Canada ready to cover Kinder Morgan loss, sees outside interest

FAN Editor
FILE PHOTO: Replacement pipe is stored near crude oil storage tanks at Kinder Morgan's Trans Mountain Pipeline terminal in Kamloops
FILE PHOTO: Replacement pipe is stored near crude oil storage tanks at Kinder Morgan’s Trans Mountain Pipeline terminal in Kamloops, British Columbia, Canada, November 15, 2016. REUTERS/Chris Helgren/File Photo

May 16, 2018

By David Ljunggren and Leah Schnurr

OTTAWA (Reuters) – Canada is prepared to cover some losses Kinder Morgan Canada Ltd might suffer if a proposed oil pipeline expansion is delayed and thinks other investors are ready to step in if need be, Finance Minister Bill Morneau said on Wednesday.

The company has given Ottawa a deadline of May 31 to provide assurances it can proceed with a plan to more than double the capacity of its Trans Mountain line from Alberta to British Columbia. The government of the Pacific coast province opposes the project on environmental grounds.

“We are willing to indemnify the Trans Mountain expansion against unnecessary delays that are politically motivated,” Morneau told reporters on the same day that Kinder Morgan Canada is holding its annual general meeting.

The issue could become one of the biggest crises facing Prime Minister Justin Trudeau, whose Liberal government approved the expansion. Trudeau says Canadian oil producers are losing C$15 billion ($11.7 billion) a year because pipeline bottlenecks mean they cannot get their crude to export markets.

Morneau said if Kinder Morgan decided to walk away from the project, the indemnification would stay in place in case someone else took over. Whether the company would allow a rival to take charge of the expansion is unclear.

“If Kinder Morgan is not interested in building the project we think plenty of investors would be interested … especially knowing that the federal government believes it is in the best interest of Canadians,” Morneau said.

Despite the legal and political challenges, it is likely investors would consider a commercially sound project with Ottawa behind it, said Andrew Leach, associate professor of business economics at the University of Alberta.

“It’s an attractive midstream energy project and there are lots of players in Canada and internationally that would look at that type of a project,” he said.

Morneau declined to say what aid Ottawa could provide or how much.
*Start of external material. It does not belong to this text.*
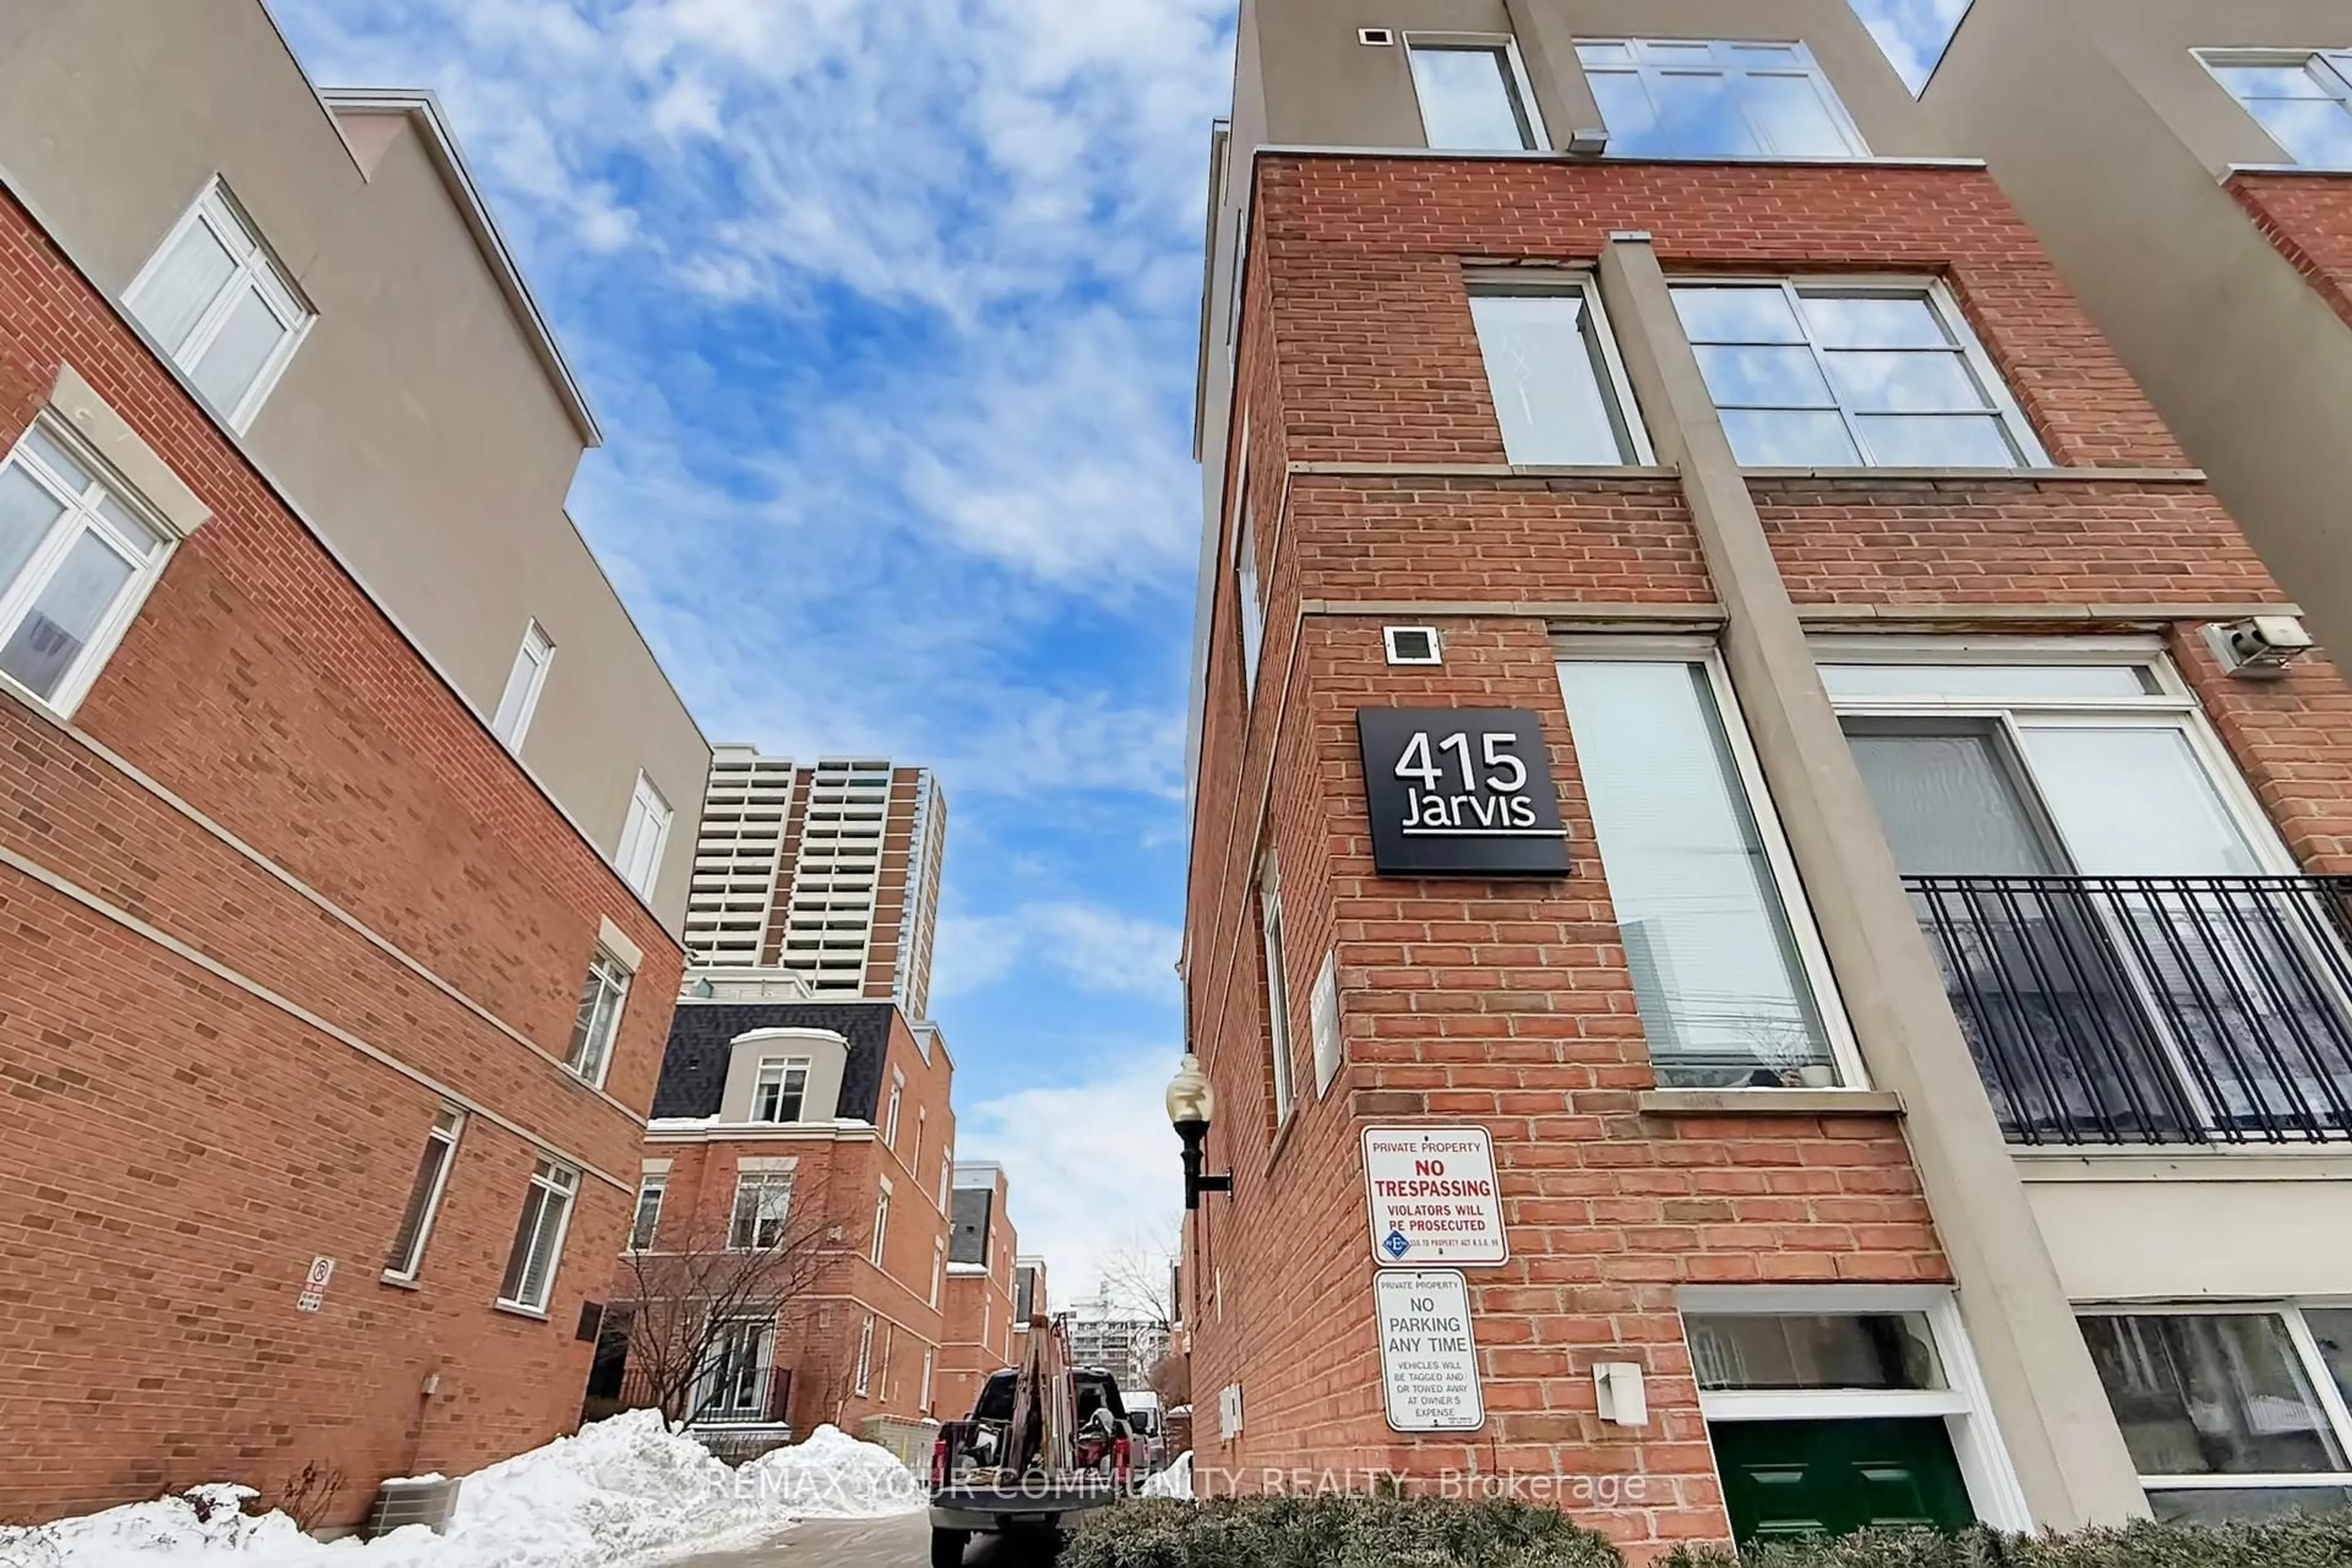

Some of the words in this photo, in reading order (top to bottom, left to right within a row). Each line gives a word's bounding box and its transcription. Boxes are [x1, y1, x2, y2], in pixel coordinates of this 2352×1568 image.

Sources have previously said Ottawa is examining options such as loan guarantees, a bailout, or taking a stake in the C$7.4 billion project.

Shares in Kinder Morgan Canada rose 2.8 percent on the Toronto Stock exchange.

Morneau blamed British Columbia premier John Horgan for delaying the project while making clear Ottawa would not cover losses caused by environmental and aboriginal opponents.

“That specific risk (Horgan’s opposition) is a risk that for a private sector player is impossible to deal with. They can’t negotiate between governments,” said Morneau.

“We see that as something we can actually indemnify. Other business risks are other business risks – anybody going into the business of building pipelines recognizes other risks.”

The B.C. New Democratic Party government, which relies on support from the environment-focused Green Party to stay in power, criticized the announcement.

“What the government is saying to Kinder Morgan is if you suffer financial losses, we’ll just simply pay you for those,” B.C. Environment Minister George Heyman told CBC radio.

In an email, Kinder Morgan Canada said it was reviewing Morneau’s comments and might issue a statement.

In the past three years, five major pipeline projects that Canada was banking on have been scrapped or delayed.

The country is on the cusp of becoming the world’s fourth largest oil producer but of late, producers have cut output due to constraints in getting oil to market.